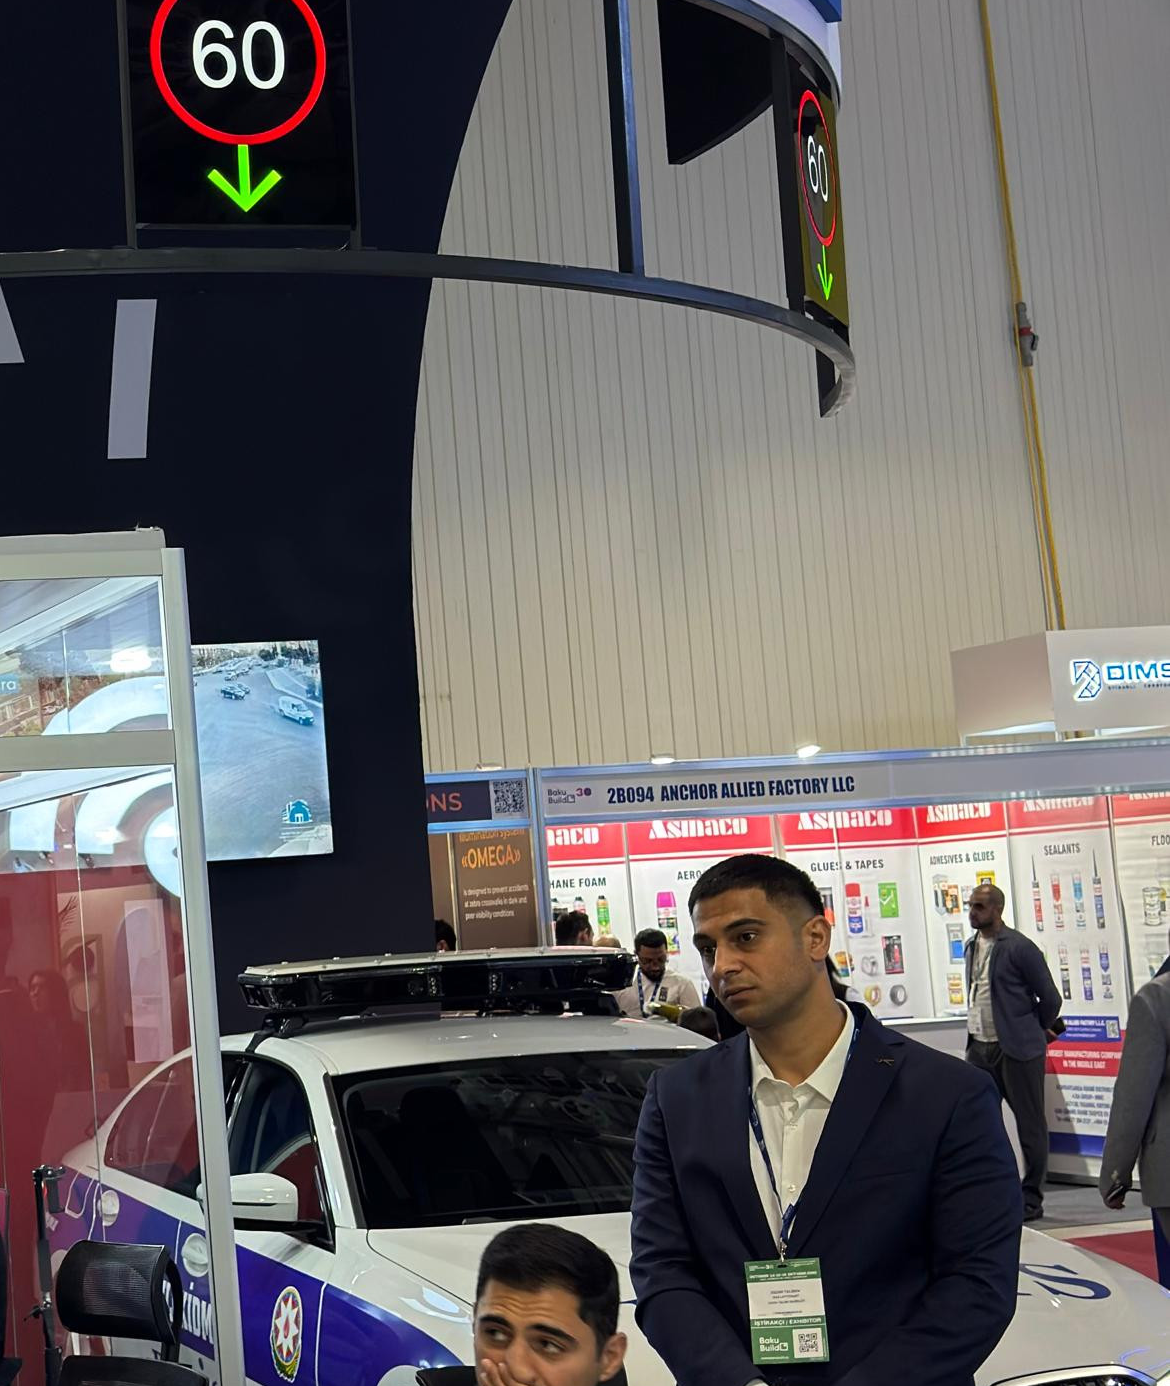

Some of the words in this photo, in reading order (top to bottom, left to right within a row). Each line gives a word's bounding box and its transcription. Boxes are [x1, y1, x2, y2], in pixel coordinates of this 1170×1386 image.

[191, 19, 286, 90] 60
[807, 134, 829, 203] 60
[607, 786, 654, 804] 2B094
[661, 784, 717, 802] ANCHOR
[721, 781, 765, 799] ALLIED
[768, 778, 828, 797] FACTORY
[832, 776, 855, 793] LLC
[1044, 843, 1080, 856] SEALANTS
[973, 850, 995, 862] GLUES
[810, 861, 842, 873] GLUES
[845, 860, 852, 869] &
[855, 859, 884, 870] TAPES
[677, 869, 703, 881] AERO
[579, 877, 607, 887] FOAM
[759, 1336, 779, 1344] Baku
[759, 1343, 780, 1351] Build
++++++++++++++++++++
_Your assignment_
Output the records exactly, please. The pictures are not part of the copy.

_Exercise solution_
Some of the words in this photo, in reading order (top to bottom, left to right within a row). Each line gives a word's bounding box and its transcription. Boxes are [x1, y1, x2, y2], in pixel coordinates of this 1170×1386 image.

[191, 19, 286, 90] 60
[807, 134, 829, 203] 60
[607, 786, 654, 804] 2B094
[661, 784, 717, 802] ANCHOR
[721, 781, 765, 799] ALLIED
[768, 778, 828, 797] FACTORY
[832, 776, 855, 793] LLC
[1044, 843, 1080, 856] SEALANTS
[973, 850, 995, 862] GLUES
[810, 861, 842, 873] GLUES
[845, 860, 852, 869] &
[855, 859, 884, 870] TAPES
[677, 869, 703, 881] AERO
[579, 877, 607, 887] FOAM
[759, 1336, 779, 1344] Baku
[759, 1343, 780, 1351] Build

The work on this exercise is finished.